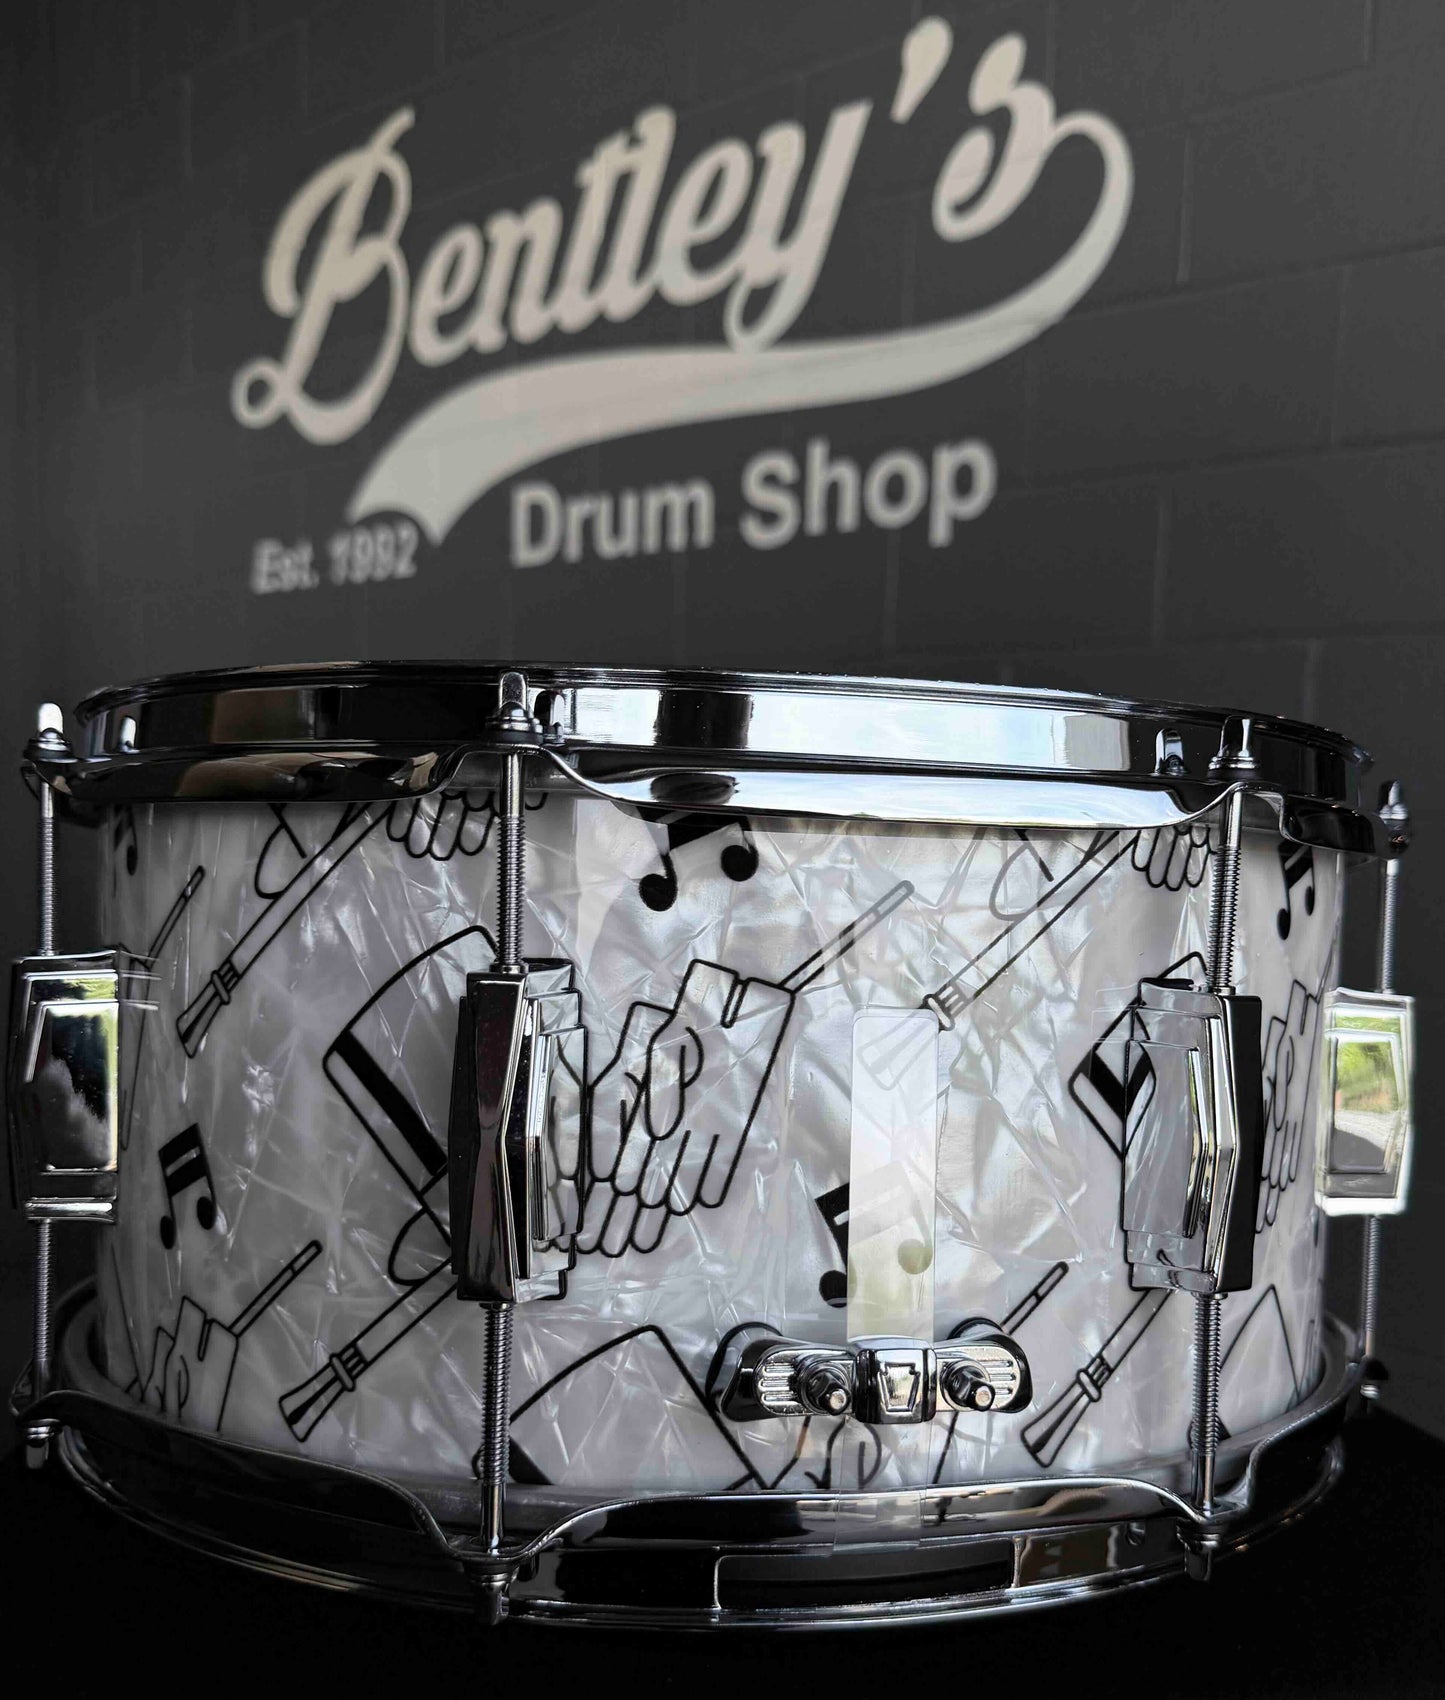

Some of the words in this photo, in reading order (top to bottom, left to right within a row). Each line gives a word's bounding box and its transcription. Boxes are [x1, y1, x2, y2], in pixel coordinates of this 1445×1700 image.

[231, 16, 1060, 445] Bentley's
[251, 538, 320, 594] Est.
[327, 520, 419, 586] 1992
[510, 479, 715, 569] Drum
[740, 438, 997, 549] Shop
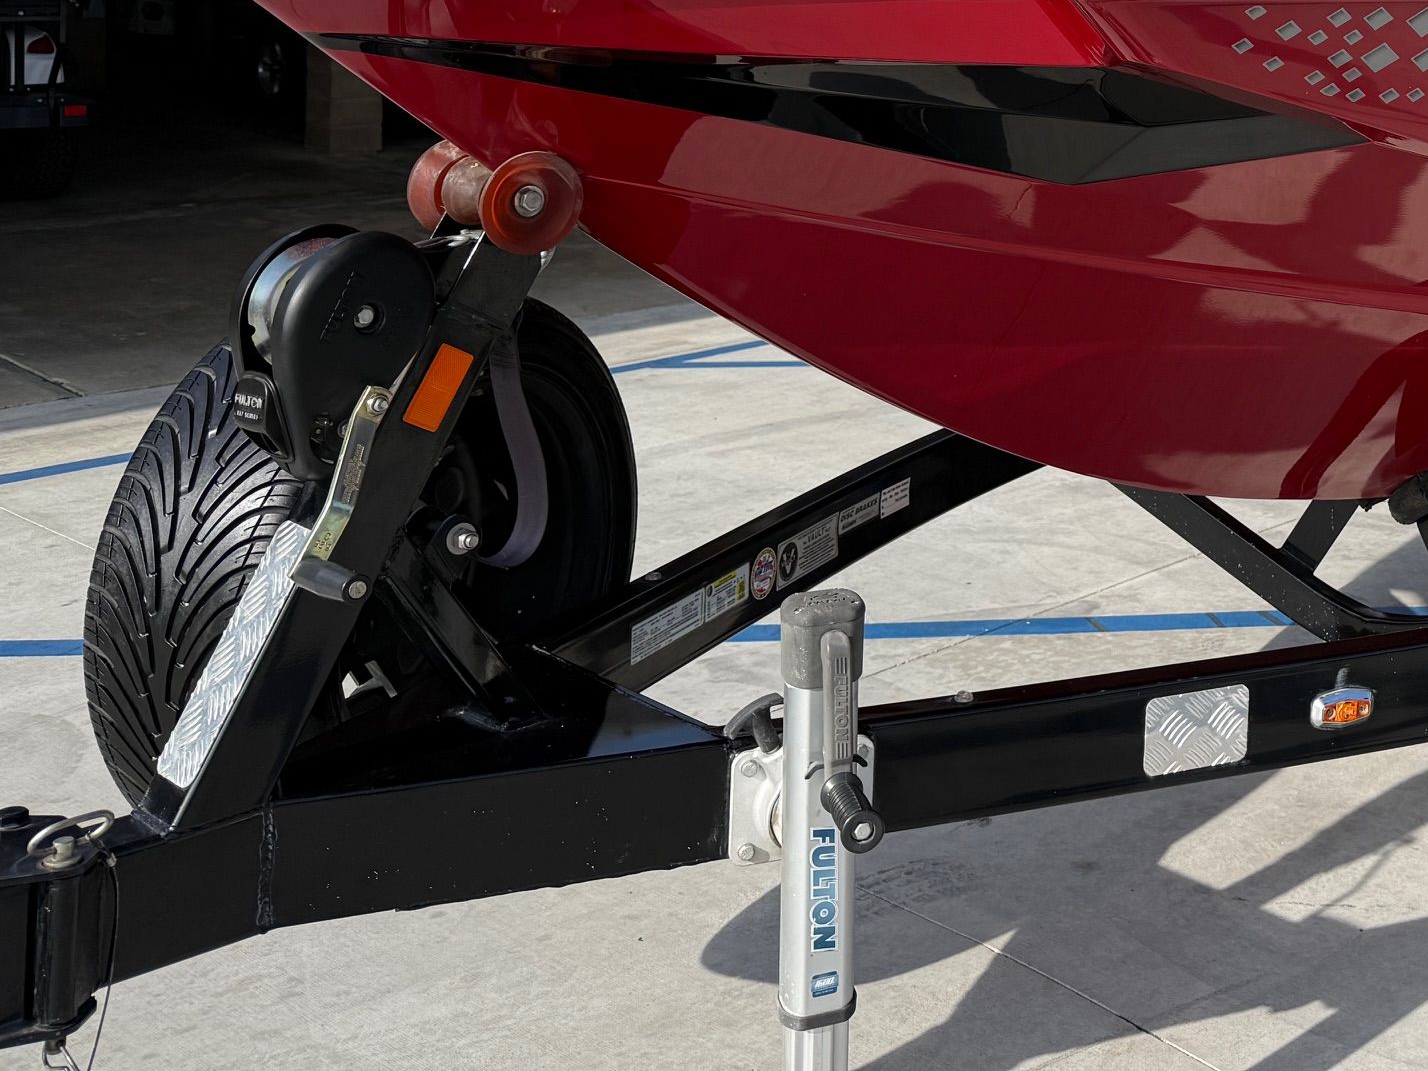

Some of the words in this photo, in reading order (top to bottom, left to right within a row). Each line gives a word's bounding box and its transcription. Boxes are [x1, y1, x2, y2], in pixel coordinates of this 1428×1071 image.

[234, 393, 263, 409] FULTON
[834, 675, 850, 742] FULTON
[810, 827, 839, 952] FULTON
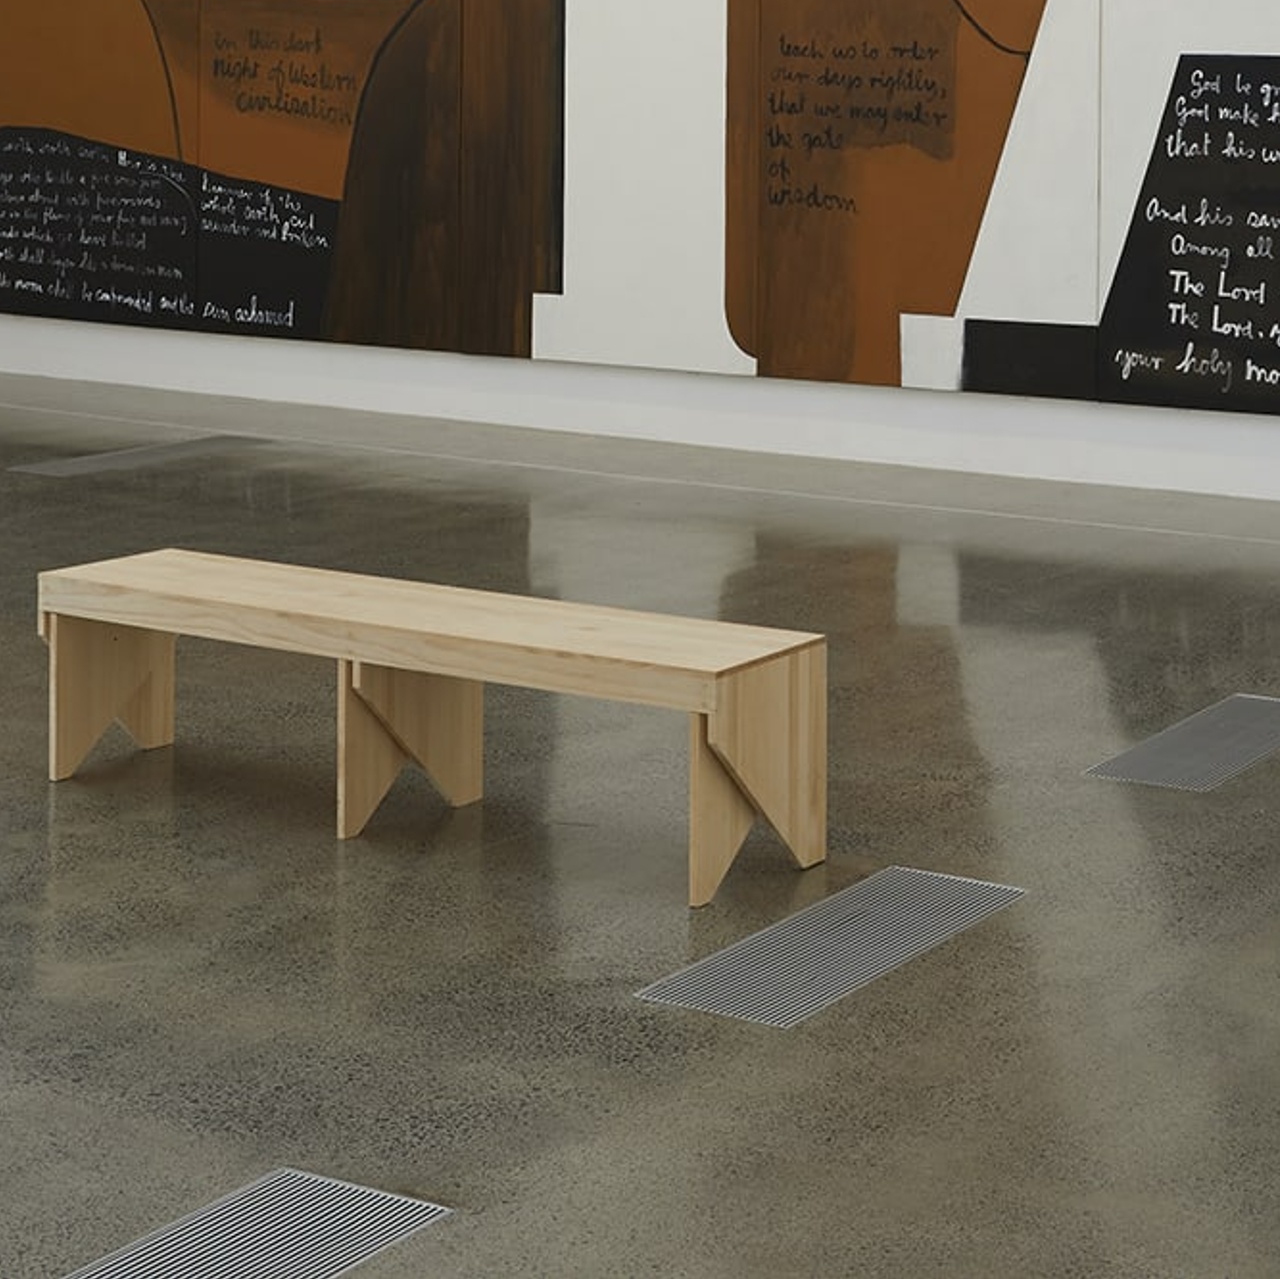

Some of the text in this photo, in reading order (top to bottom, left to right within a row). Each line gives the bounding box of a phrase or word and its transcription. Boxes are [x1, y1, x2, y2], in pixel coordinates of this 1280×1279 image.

[779, 35, 824, 59] teach
[832, 45, 857, 60] us
[862, 41, 879, 60] to
[771, 67, 808, 84] our
[817, 67, 863, 94] days
[1190, 69, 1221, 99] God
[1236, 73, 1252, 95] be
[768, 89, 947, 133] that we may enter
[1176, 96, 1210, 127] God
[1218, 102, 1260, 128] make
[767, 124, 843, 161] the gate
[1165, 128, 1211, 158] that
[1222, 131, 1256, 159] his
[768, 158, 791, 183] of
[768, 182, 858, 214] wisdom
[1146, 196, 1188, 225] And
[1193, 198, 1233, 226] his
[1170, 233, 1229, 269] Among
[1246, 235, 1274, 260] all
[1168, 270, 1206, 297] The
[1217, 270, 1266, 305] Lord
[1167, 302, 1200, 329] The
[1114, 349, 1164, 380] your
[1175, 341, 1234, 394] holy
_ _ _ _
● Task item: Please reproduce the whole listing exactly; the pictures stay out.

● Solved exercise:
Some of the words in this photo, in reading order (top to bottom, left to right within a row). Each line gives a word's bounding box and its transcription. Boxes are [x1, y1, x2, y2], in pixel coordinates of this 1445×1700 image.

[231, 16, 1060, 445] Bentley's
[251, 538, 320, 594] Est.
[327, 520, 419, 586] 1992
[510, 479, 715, 569] Drum
[740, 438, 997, 549] Shop

Some of the words in this photo, in reading order (top to bottom, left to right within a row). Each line gives a word's bounding box and its transcription. Boxes are [x1, y1, x2, y2], in pixel coordinates of this 1428×1071 image.

[234, 393, 263, 409] FULTON
[834, 675, 850, 742] FULTON
[810, 827, 839, 952] FULTON

Some of the text in this photo, in reading order (top to bottom, left to right within a row). Each line gives the bounding box of a phrase or word and its transcription. Boxes are [x1, y1, x2, y2], in pixel coordinates of this 1280×1279 image.

[779, 35, 824, 59] teach
[832, 45, 857, 60] us
[862, 41, 879, 60] to
[771, 67, 808, 84] our
[817, 67, 863, 94] days
[1190, 69, 1221, 99] God
[1236, 73, 1252, 95] be
[768, 89, 947, 133] that we may enter
[1176, 96, 1210, 127] God
[1218, 102, 1260, 128] make
[767, 124, 843, 161] the gate
[1165, 128, 1211, 158] that
[1222, 131, 1256, 159] his
[768, 158, 791, 183] of
[768, 182, 858, 214] wisdom
[1146, 196, 1188, 225] And
[1193, 198, 1233, 226] his
[1170, 233, 1229, 269] Among
[1246, 235, 1274, 260] all
[1168, 270, 1206, 297] The
[1217, 270, 1266, 305] Lord
[1167, 302, 1200, 329] The
[1114, 349, 1164, 380] your
[1175, 341, 1234, 394] holy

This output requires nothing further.